A Cocatrel (Cooperativa dos Cafeicultores da Zona de Três Pontas – MG) também relata situação preocupantes entre os cafeicultores dos municípios cooperados. O presidente da cooperativa, Francisco Miranda, afirma que o rendimento está muito diferente em relação às lavouras mais novas e mais velhas. “Nas lavouras mais velhas, estamos precisando de mais de 600 litros de café em cereja para encher uma saca, mas em lavouras novas alguns estão precisando de mais de 2 mil litros e, em alguns casos, temos até perda total”.
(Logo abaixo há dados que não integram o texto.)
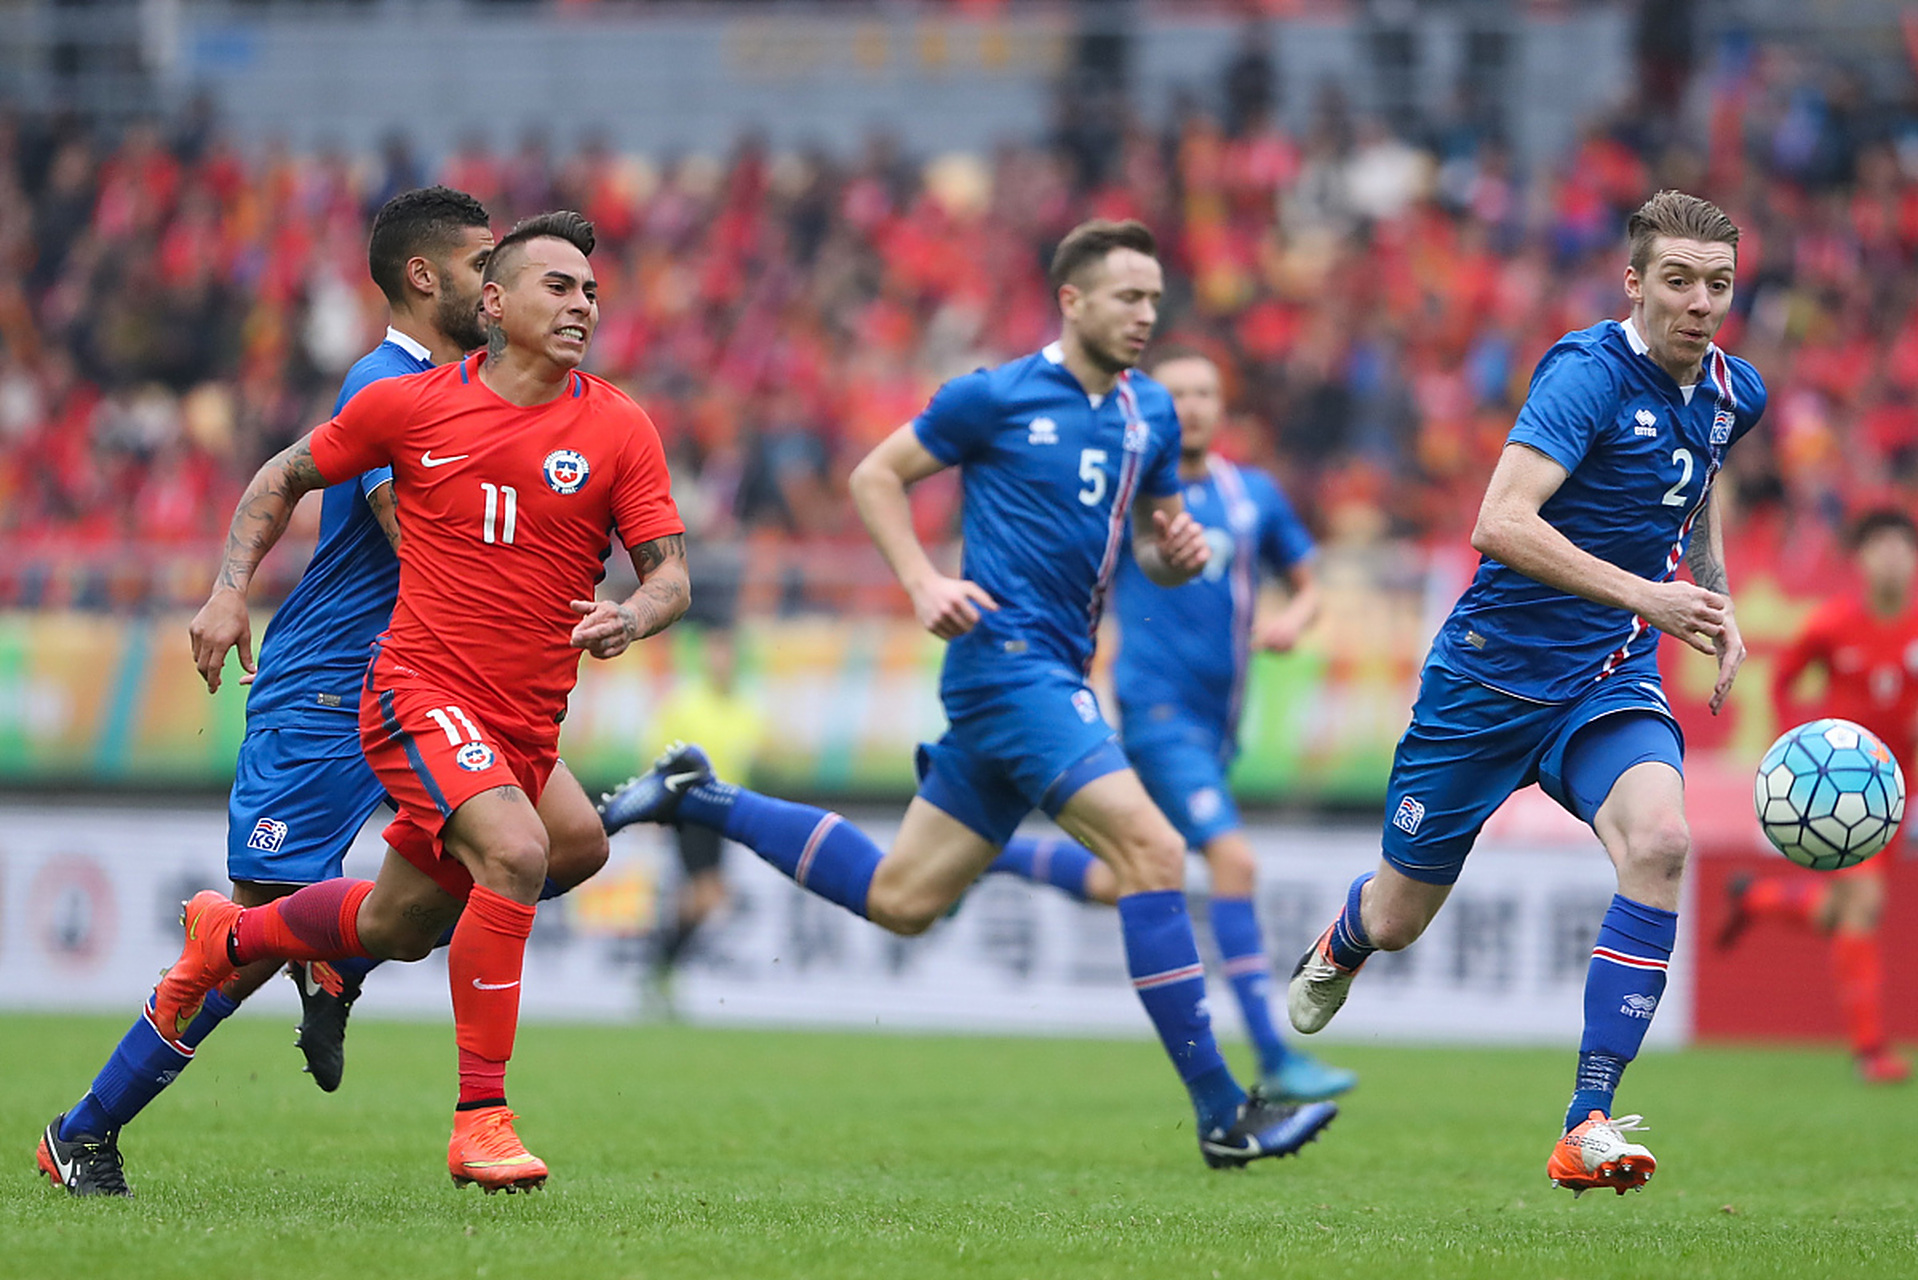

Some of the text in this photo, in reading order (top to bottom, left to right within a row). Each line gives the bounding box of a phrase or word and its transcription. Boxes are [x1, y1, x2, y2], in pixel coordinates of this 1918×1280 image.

A equipe da Cocatrel estima uma perda entre 20% a 30%. “As regiões mais atingidas são aquelas às margens de Furnas, em municípios como Boa Esperança, Guapé e Campos Gerais”.

Cooparaíso – perdas severas

O rendimento do café colhida na região da Cooparaíso (Cooperativa Regional dos Cafeicultores de São Sebastião do Paraíso) também está bem abaixo do normal, de acordo com o engenheiro agrônomo da cooperativa, Marcelo de Moura Almeida. “Nas lavouras velhas, estão sendo necessários entre 600 a 750 litros para encher uma saca… Já nas lavouras mais novas, estamos precisando entre 900 até 1.100 litros, em alguns casos”.

Almeida informa que a colheita ainda está no início na região de São Sebastião do Paraíso-MG. “Já colhemos entre 10% e 15%… Estamos com muito café pequeno, chocho, mas a qualidade está conservada”.

Cocapec – região beneficiada

Apesar das baixas nas diferentes regiões do país, a Cocapec  (Cooperativa de Cafeicultores e Agropecuaristas de Franca-SP)  comemora uma safra boa.  “Estamos surpresos pelo lado positivo, apesar das áreas afetadas pela secura do clima, estamos estimando uma colheita de 2 a  2,1 milhões de sacas este ano”, afirmou Anselmo Magno de Paula, gerente do departamento de café. Basicamente o dobro do ano passado quando registraram cerca de 1 milhão de sacas.

Ao contrário da maioria, os locais abrangidos pela Cocapec –alguns dos principais: Franca, Pedregulho, Claraval e Ibiraci – estão enchendo as sacas com cerca de 550 a 600 litros de café.

A colheita deles está ainda no início com 10 a 15% realizada, mas os associados, cerca de 2 mil em 13 municípios  estão colhendo grãos de qualidade boa, inclusive para exportação.

Até o fechamento desta matéria a Cooxupé (Cooperativa dos Cafeicultores de Guaxupé), a maior do mundo, não tinha compilado e analisados os dados para serem reportados.